> **HOW TO COMPLETE THIS TASK**: Output the entries in full and verbatim, pictures omitted.

Stored items

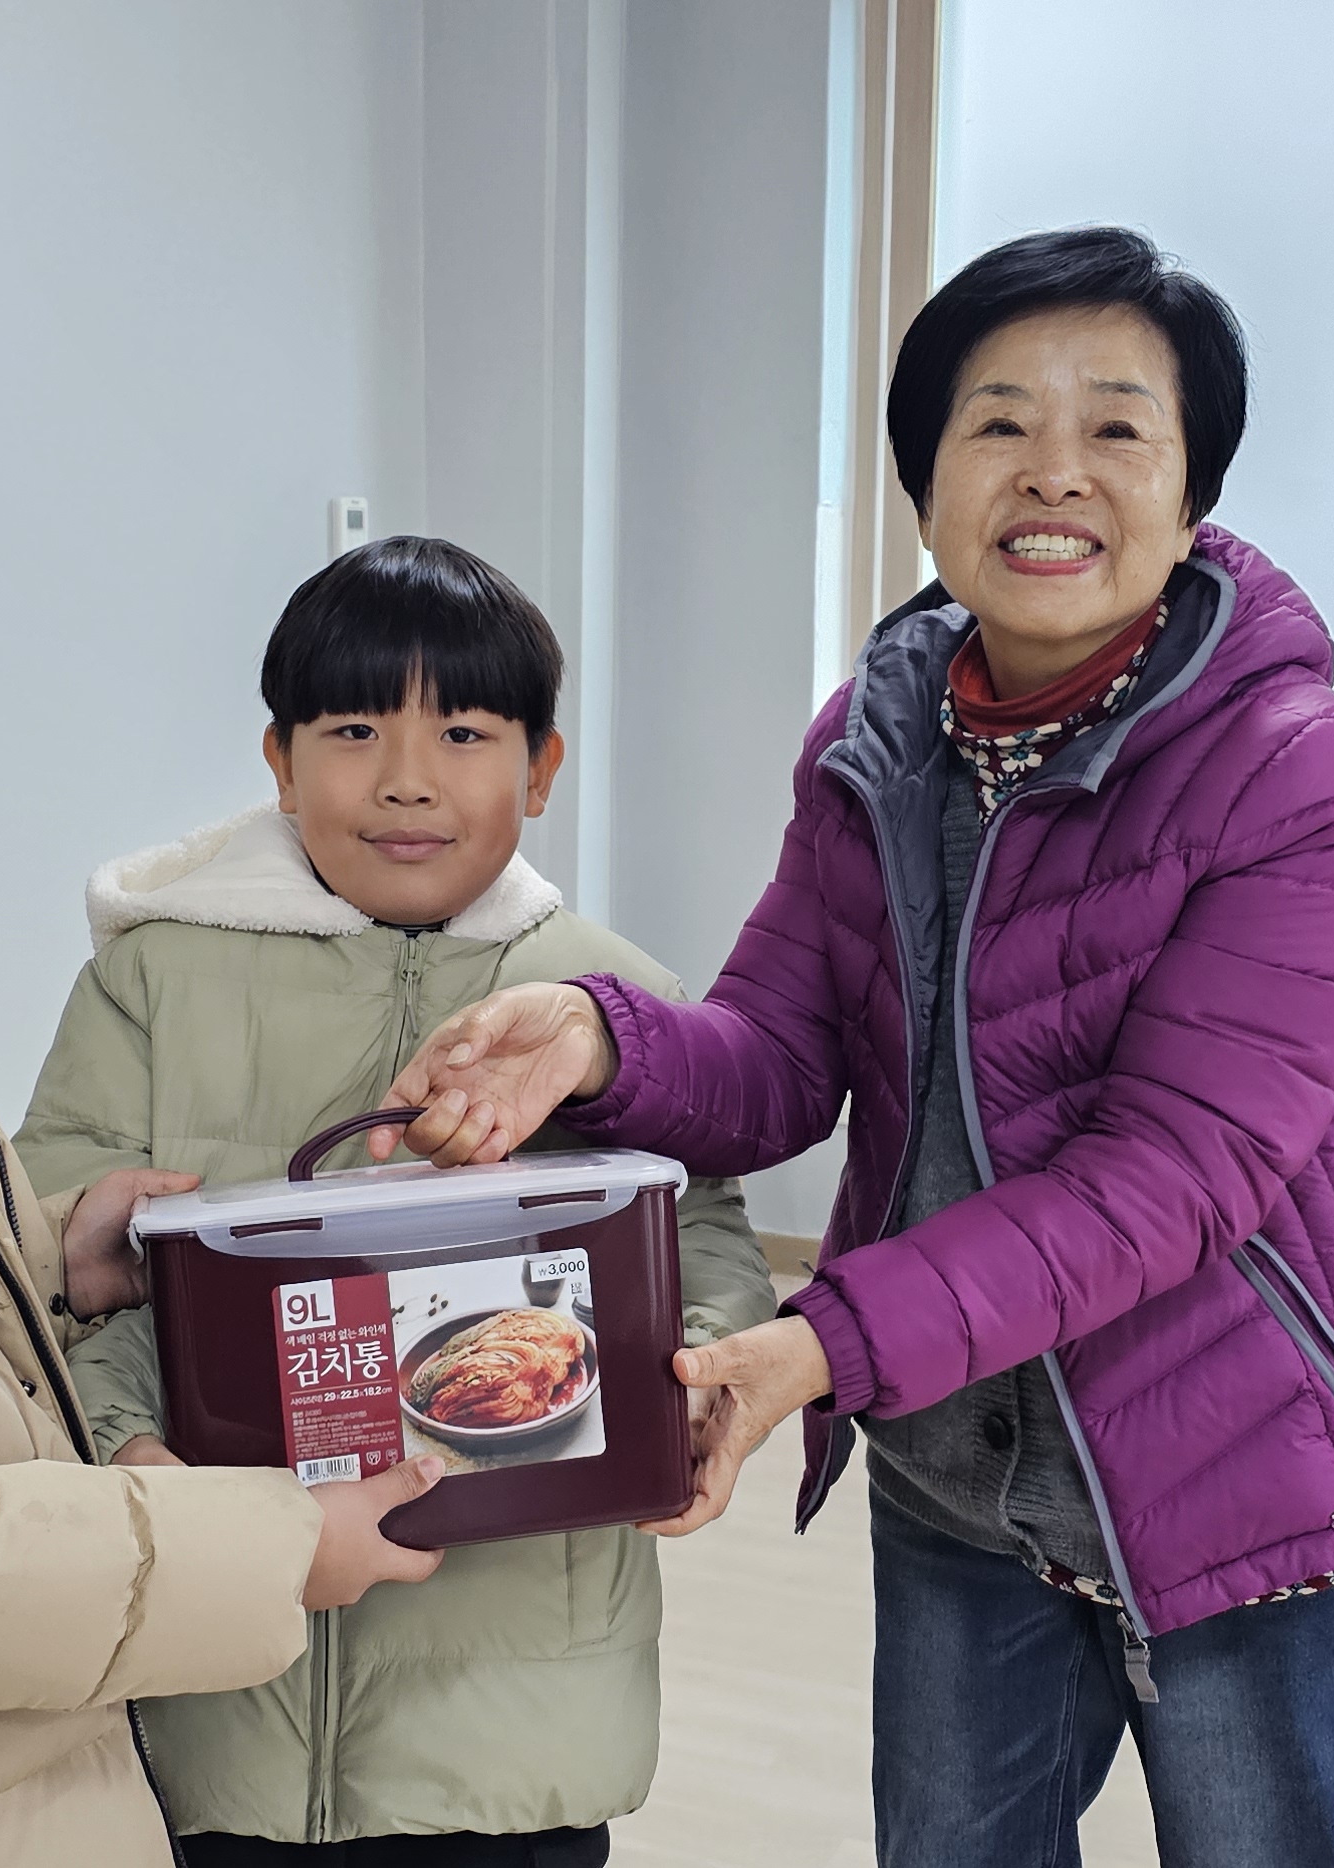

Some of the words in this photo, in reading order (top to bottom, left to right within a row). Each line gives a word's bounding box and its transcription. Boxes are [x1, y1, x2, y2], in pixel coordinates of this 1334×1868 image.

[287, 1293, 331, 1325] 9L
[317, 1330, 337, 1343] 걱정
[338, 1327, 358, 1341] 없는
[287, 1340, 389, 1387] 김치통

> **EXERCISE ANSWER**:
Some of the words in this photo, in reading order (top to bottom, left to right within a row). Each line gives a word's bounding box and its transcription. Boxes are [x1, y1, x2, y2], in pixel coordinates of this 1334×1868 image.

[287, 1293, 331, 1325] 9L
[317, 1330, 337, 1343] 걱정
[338, 1327, 358, 1341] 없는
[287, 1340, 389, 1387] 김치통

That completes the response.